Dermot - Chapter 3 - Lando


Thursday morning. Bright and early. Early, anyway. Too early.
Dr. Shipley was there again, doing his thing with the poking and checking.
There were several younger people in white coats with him. During a lull
between pokes, Dermot asked, "Who are those other dudes?"

That evoked smothered laughs from the 'other dudes.'

"These young people are interns. They have completed their classroom
work, and are now doing an internship. University Hospital is a teaching
hospital, where we help train new doctors. This is part of their
training," Dr. Shipley explained.

"Oh. How come I'm part of the training?" Dermot demanded, thinking
about being some kind of project or experiment again.
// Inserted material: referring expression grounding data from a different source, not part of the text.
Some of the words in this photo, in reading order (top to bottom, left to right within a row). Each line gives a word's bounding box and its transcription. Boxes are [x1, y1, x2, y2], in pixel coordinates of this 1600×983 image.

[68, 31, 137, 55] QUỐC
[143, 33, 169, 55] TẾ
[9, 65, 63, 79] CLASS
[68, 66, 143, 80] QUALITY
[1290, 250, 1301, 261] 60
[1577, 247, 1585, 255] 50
"These six young doctors need to know about emergency room cases. All
of them will work in an emergency room at some time or another. And they
wanted to see how you're coming along. They saw you before, but you were
out of it then, and didn't have such a smart mouth on you."

"Am I really that bad?" a somewhat subdued Dermot asked.

"I'll leave it to the interns. What do you guys think?" Dr. Shipley
adroitly avoided answering.

"I've seen worse," one said.

"Yeah, that old codger in 714," another confirmed.

"Kind of reminds me of my little brother," a female intern said.

"He's got a real garbage mouth," a fourth contributed, recalling
Dermot's complaints while he was being examined.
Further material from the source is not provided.